Como lembra a instituição, “esta linha de apoio, desenvolvida tendo em consideração as necessidades das empresas que necessitam de reestruturar o seu capital, procurando dar-lhes proteção e poder na negociação com os seus credores, se destina a empresas de qualquer dimensão, que desenvolvam, em território nacional, atividade principal num dos setores mais afetados pela pandemia e que cumpram cumulativamente as condições e os requisitos de acesso à linha”.
Os candidatos devem ter um prazo máximo de operação de até 8 anos (ou de até 10 anos, no caso de micro e pequenas empresas), incluindo um máximo de 24 meses de carência de capital.
A linha será executada através de três mecanismos: reestruturação da totalidade dos empréstimos em moratória; refinanciamento parcial da totalidade das operações de crédito em moratória; e empréstimo com garantia para cobertura de necessidades de liquidez adicional.

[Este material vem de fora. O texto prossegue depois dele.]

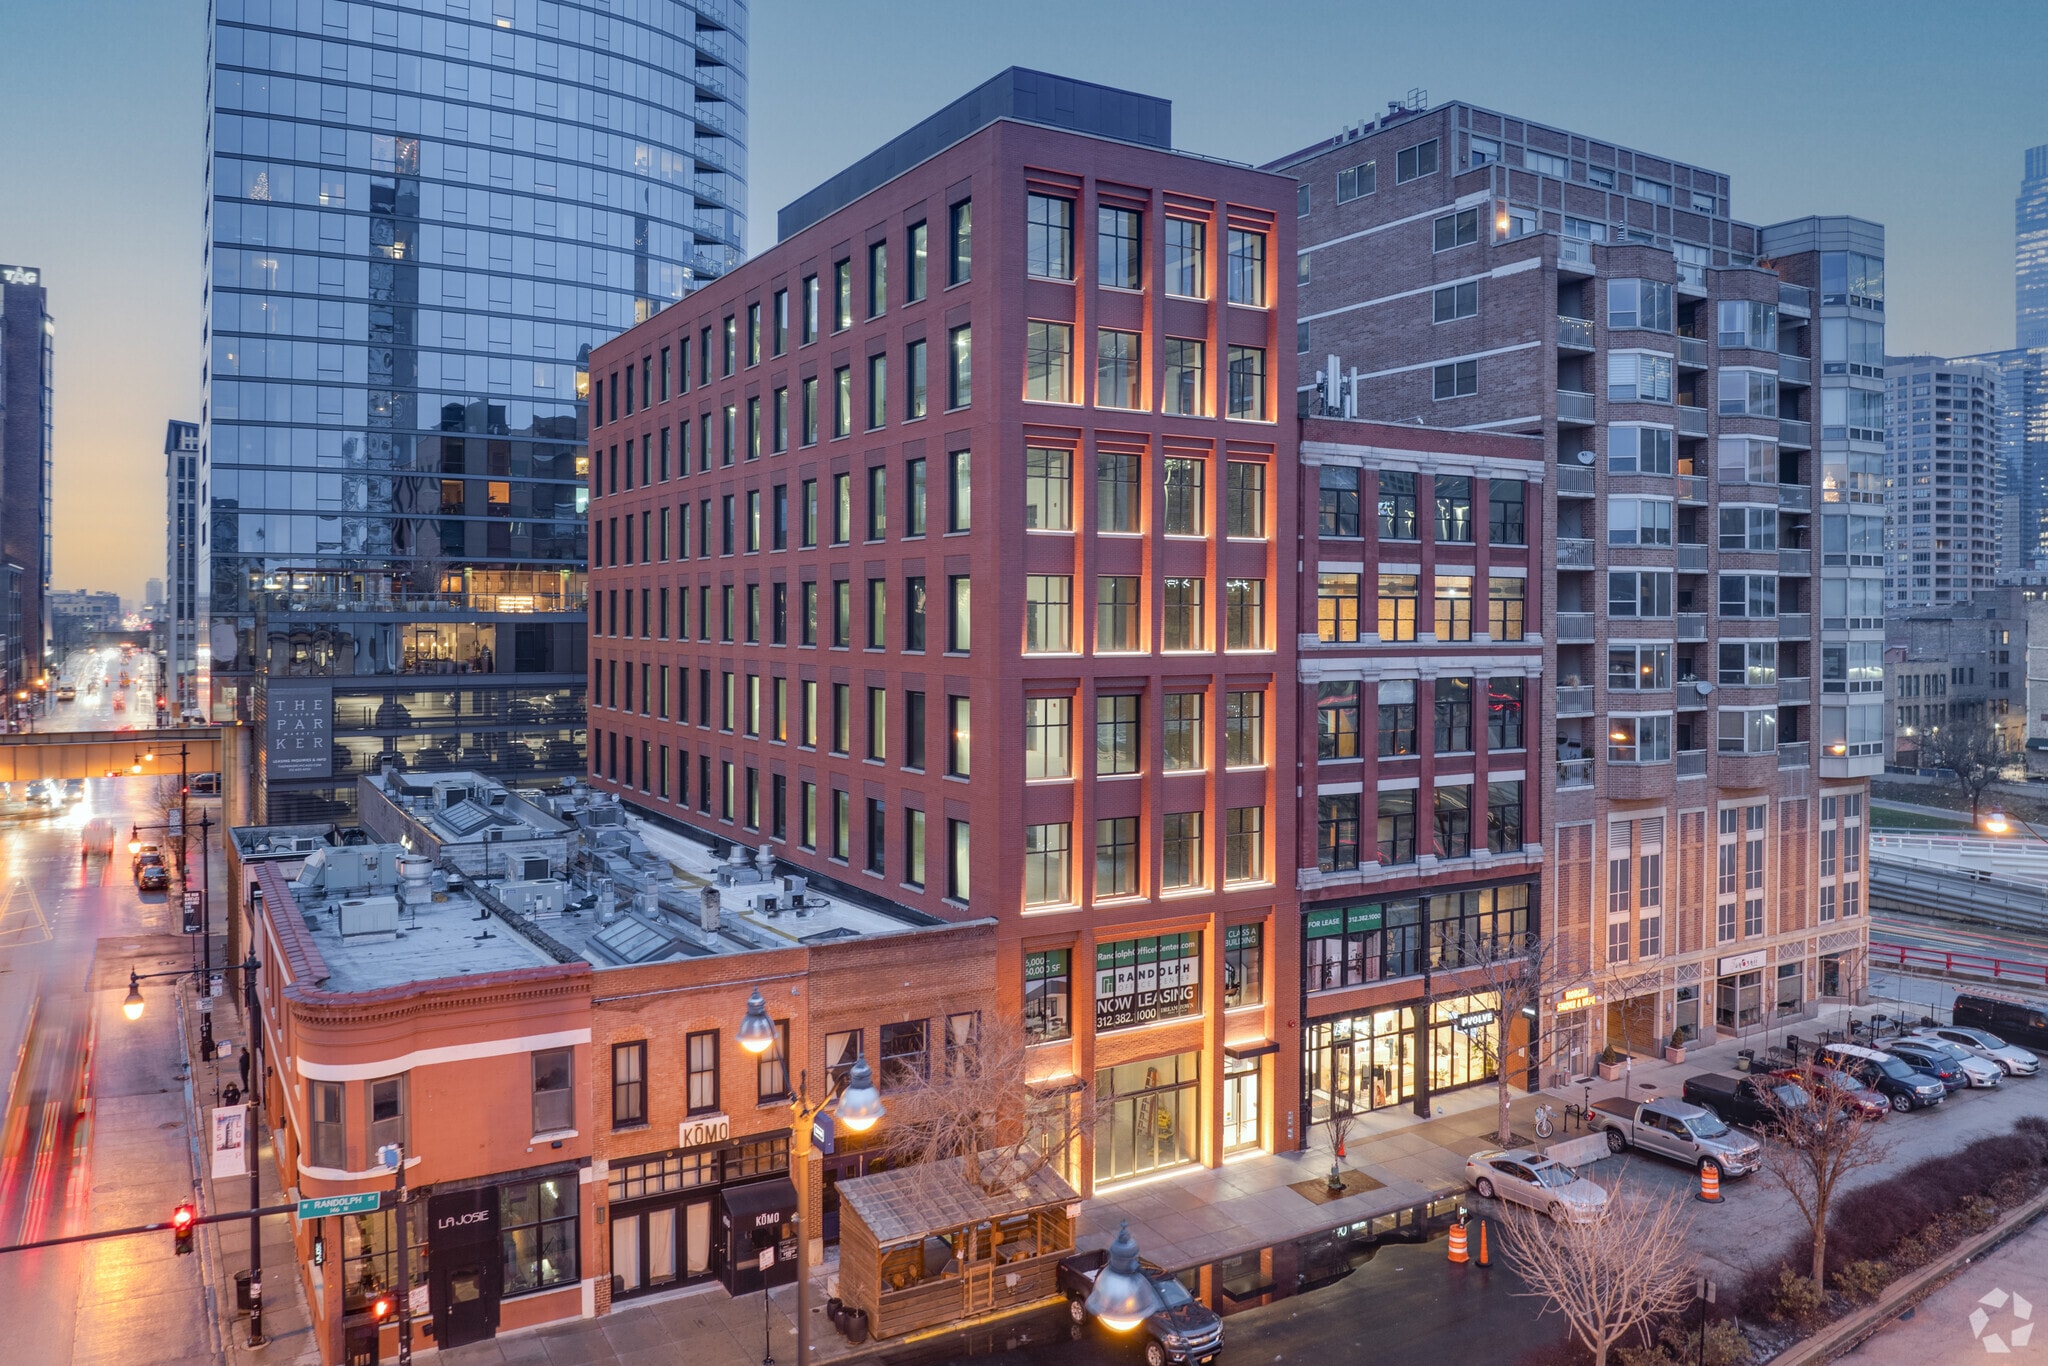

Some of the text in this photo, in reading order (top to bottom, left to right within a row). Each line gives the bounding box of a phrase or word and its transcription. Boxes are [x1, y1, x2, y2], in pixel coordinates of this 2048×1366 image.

O banco esclarece que a ““a linha Retomar foi pensada como um apoio, um incentivo à renegociação das condições contratuais entre as empresas e os seus credores”, sendo que, “uma vez que se trata de uma garantia com respaldo no Estado português, confere um incentivo aos bancos beneficiários, sob a forma de um alívio de capital regulamentar (ponderação a 0%) relativamente à parte garantida do crédito reestruturado”.
Ontem, a instituição explicou que “a marcação dos créditos em moratória renegociados ao abrigo da linha de garantias públicas Retomar não será automática, mas dependerá da “avaliação individual” feita pelo banco credor.
Esta garantia pública está munida de um capital de mil milhões de euros.